The doctor patient relationship is a unique one, a precarious balance of trust and influence. Physicians must ultimately find a compassionate way to give their patients difficult news. Yet, this is not so easy. A study published in February found that physicians struggle with honesty, with over half admitting that they’ve been inappropriately optimistic when diagnosing their patients. Physicians have difficulty giving their patients the open, honest dialogue they need.

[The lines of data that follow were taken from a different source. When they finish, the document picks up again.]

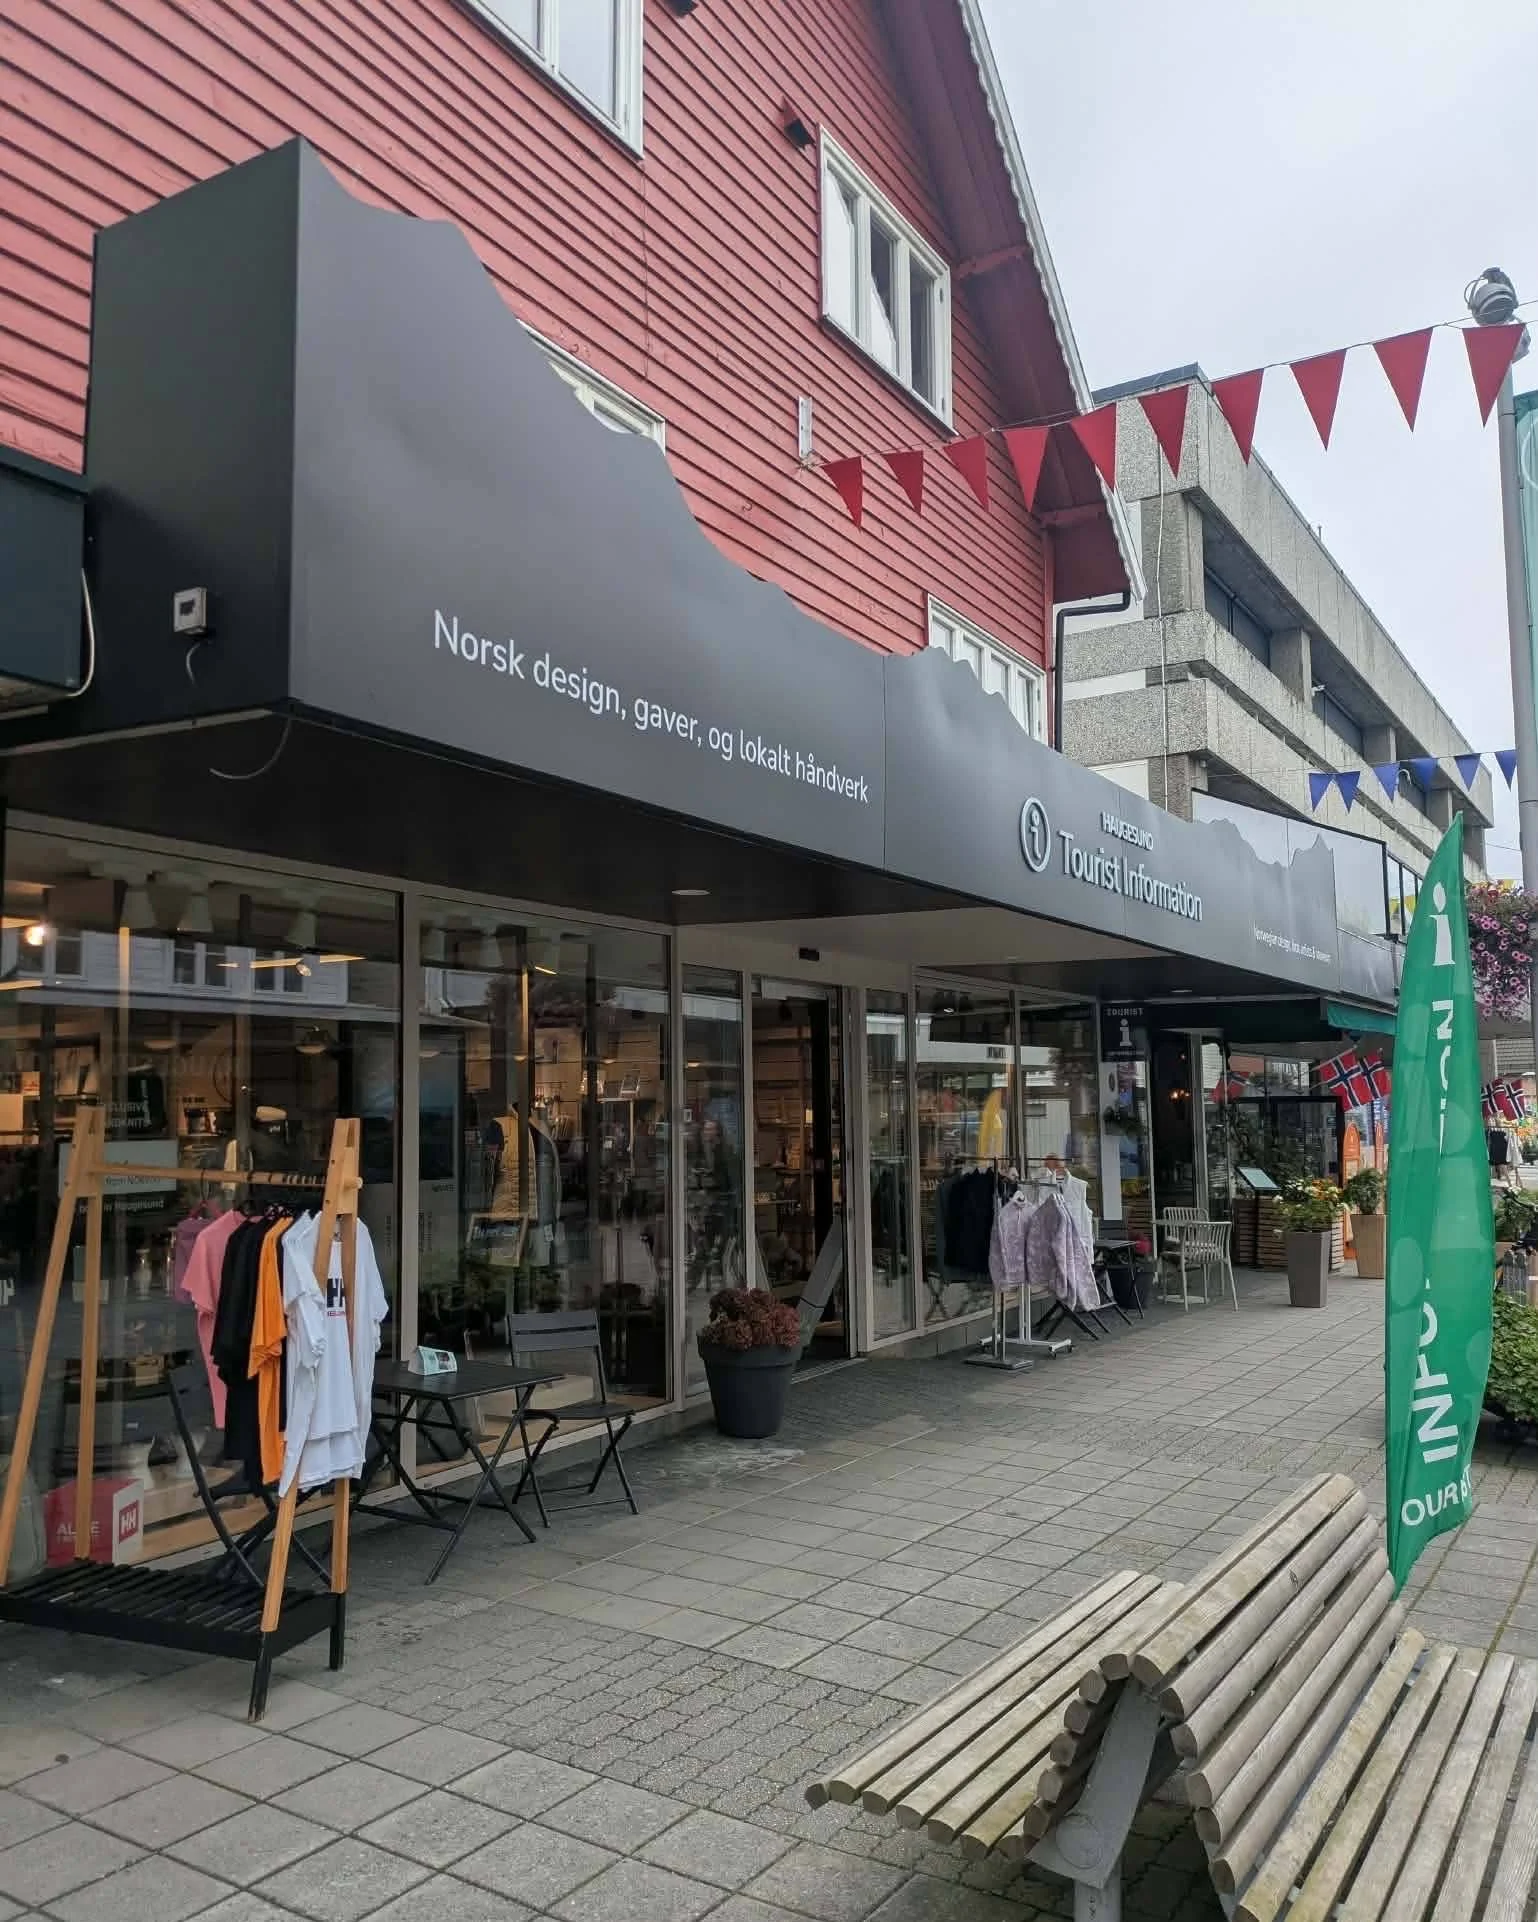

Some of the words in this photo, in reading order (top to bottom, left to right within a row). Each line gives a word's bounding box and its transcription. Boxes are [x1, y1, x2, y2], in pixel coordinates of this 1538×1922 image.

[434, 609, 525, 680] Norsk
[533, 652, 626, 721] design,
[634, 697, 702, 748] gaver,
[708, 727, 733, 761] og
[740, 730, 791, 777] lokalt
[795, 752, 868, 803] håndverk
[1058, 830, 1121, 893] Tourist
[1123, 856, 1202, 920] Information
[1101, 811, 1154, 851] HAUGESUND

To address this, medical schools are adding courses in patient communication. Two decades ago, only a minority of schools taught communication skills, today, almost all of them do, including mock-patient workshops, where students can directly test their ability to talk with patients about complicated issues. One of the first of these courses was at Humboldt University in Berlin, Germany. This course, termed ‘breaking bad news,’ started in 2000 as a tiny group of only six students practicing role-playing. A decade later, the course has become a mandatory part of the curriculum and a model for physician communication classes worldwide.

Jessen, who has wide experience in giving poor diagnoses, has been part of the ‘breaking bad news’ course since the beginning. He teaches an especially popular session, where he brings in patients with whom he has had to make particularly difficult diagnoses, allowing students to directly speak to the patient. These conversations get to the heart of which parts of the diagnosis are most difficult for patients and what communication tactics are ultimately effective.

This evening, Jessen has brought Joseph, the young American man he diagnosed as HIV positive, seven years earlier. The setting is intimate, ten students gather about Jessen and his patient. The atmosphere is casual as Joseph begins to tell his story, the students gradually warming up, asking questions. Jessen is there to direct the course but mostly he lets the patient speak, preferring the informal nature of the session. To his surprise, Joseph becomes emotional. Although it has been almost a decade since his diagnosis, the patient begins to break down in front of the class, tears mixing into his difficult story and his memory of what it was like to be told he was HIV positive.

He met Jessen when he was just twenty years old at a club in Berlin. Like many of Jessen’s patients, their relationship encompasses trust and friendship, a bond that makes the difficult business of breaking bad news easier for the patient. In fact, Jessen argues that getting a difficult diagnosis is far easier from a family doctor, a person who has built a relationship with their patient and will be there for the long run, rather than a specialist.

Studies indicate that empathy plays a significant role in the clinical outcome for patients, further underlining the importance of the patient-doctor relationship. Physicians have a connection with their patients unlike any other profession. Doctors touch their patients, both physically laying hands on their heart and head, but also emotionally, representing a safe place to speak about hidden fears. A poor diagnosis involves intricate communication skills: the ability to explain as well as listen, to lead the patient into complex decision-making, and to involve those people the patient is closest to. Predictably, physicians trained in these communication skills are far less likely to suffer from ‘burn-out’ and psychiatric distress.

As Joseph speaks to the medical students he realizes that he has not entirely accepted his own difficult diagnosis. Despite the support and resources he’s received, the difficulty of his disease still weighs on him. Bad news may forever change the doctor-patient relationship but, at its core, giving patients the honesty and empathy they need is as critical to a diagnosis as any PCR test.